TRY IT = The records below need to be set down again exactly; their images stay out.

─── PROVIDED ENTRIES

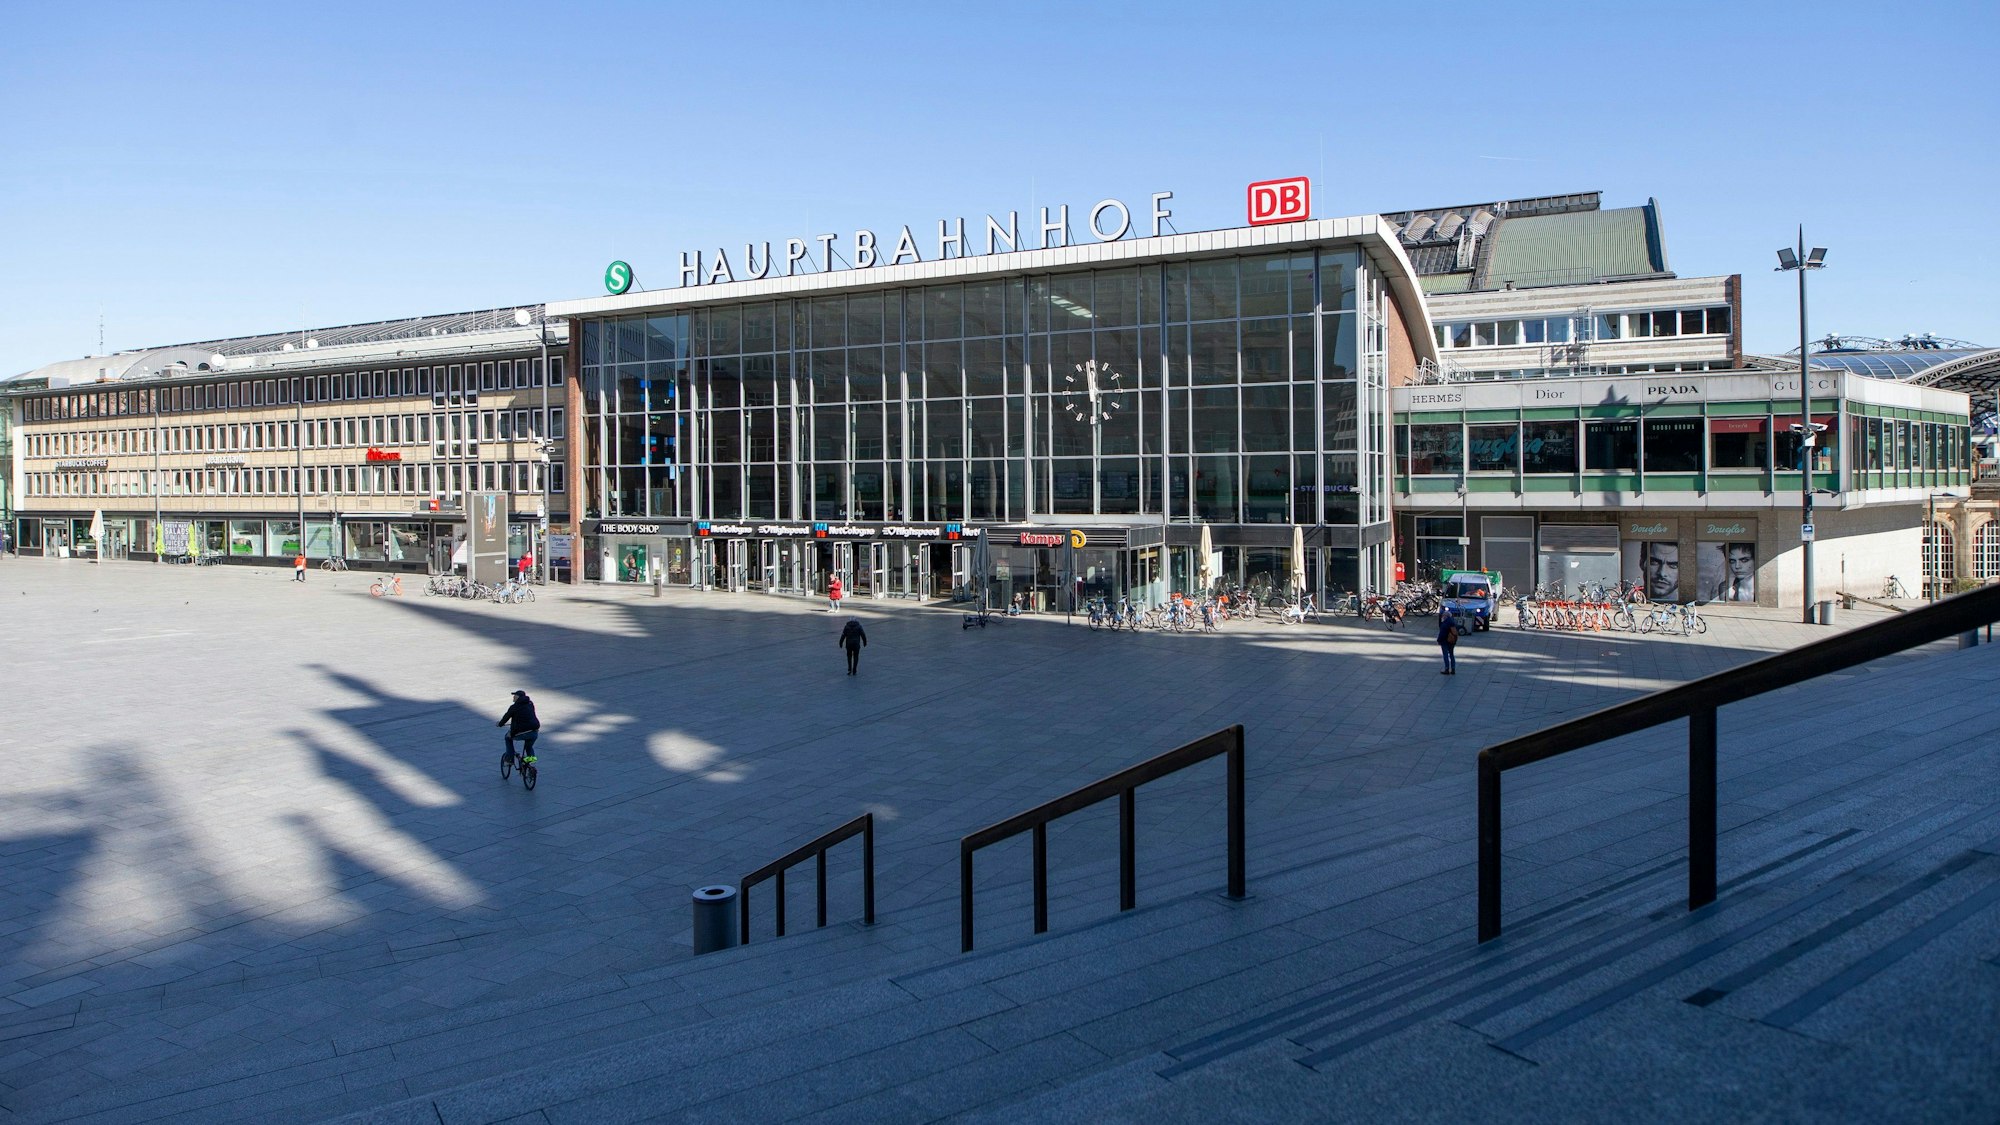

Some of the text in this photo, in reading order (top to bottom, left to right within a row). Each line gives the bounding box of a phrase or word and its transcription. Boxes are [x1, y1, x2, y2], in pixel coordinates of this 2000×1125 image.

[1255, 186, 1302, 219] DB
[679, 191, 1174, 288] HAUPTBAHNHOF
[608, 265, 625, 290] S
[1535, 389, 1565, 400] Dior
[1647, 385, 1699, 395] PRADA
[86, 459, 107, 467] COFFEE
[601, 524, 660, 534] THE BODY SHOP
[710, 525, 753, 535] NetCologne
[828, 526, 940, 538] NetCologne Highspeed
[1630, 523, 1669, 536] Douglas
[1706, 523, 1746, 536] Douglas
[1020, 532, 1063, 547] Kamps
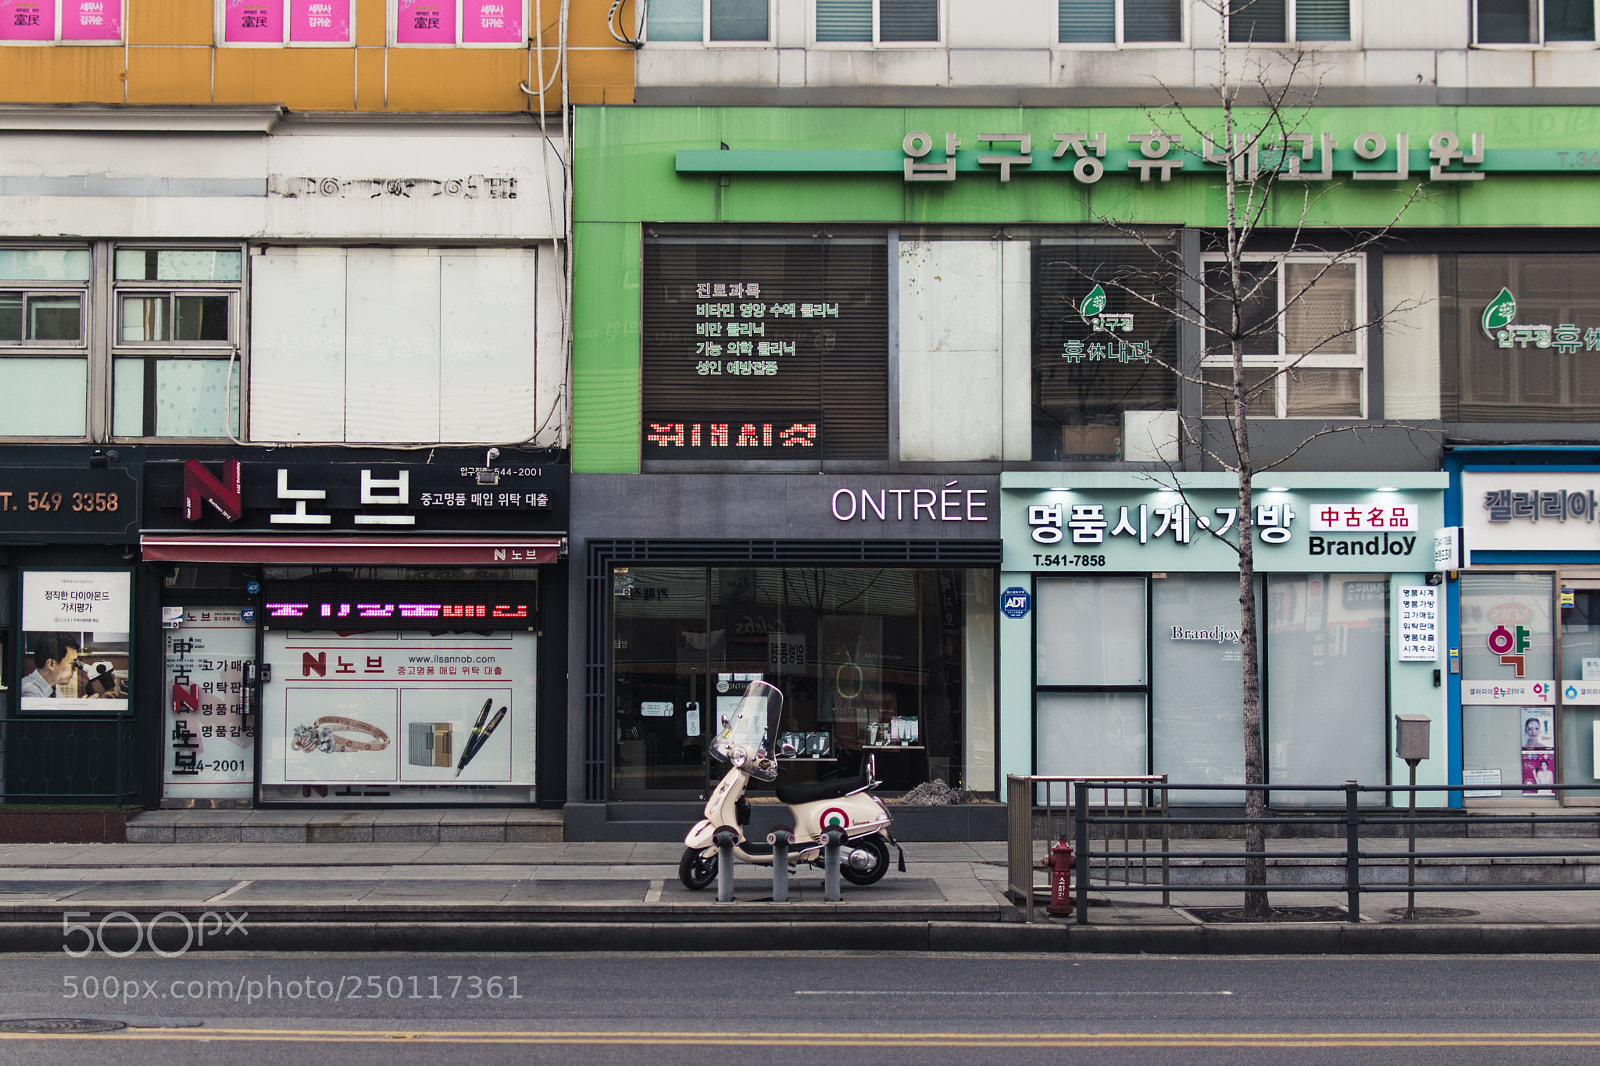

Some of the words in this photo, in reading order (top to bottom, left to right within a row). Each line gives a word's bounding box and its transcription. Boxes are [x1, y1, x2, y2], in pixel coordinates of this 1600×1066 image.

──────

EXPECTED OUTPUT =
Some of the text in this photo, in reading order (top to bottom, left to right within a row). Each line gives the bounding box of a phrase or word and its transcription. Boxes are [x1, y1, x2, y2], in pixel coordinates of this 2000×1125 image.

[1255, 186, 1302, 219] DB
[679, 191, 1174, 288] HAUPTBAHNHOF
[608, 265, 625, 290] S
[1535, 389, 1565, 400] Dior
[1647, 385, 1699, 395] PRADA
[86, 459, 107, 467] COFFEE
[601, 524, 660, 534] THE BODY SHOP
[710, 525, 753, 535] NetCologne
[828, 526, 940, 538] NetCologne Highspeed
[1630, 523, 1669, 536] Douglas
[1706, 523, 1746, 536] Douglas
[1020, 532, 1063, 547] Kamps

Some of the words in this photo, in reading order (top to bottom, left to right within a row). Each line gives a word's bounding box and its transcription. Boxes are [x1, y1, x2, y2], in pixel coordinates of this 1600×1066 image.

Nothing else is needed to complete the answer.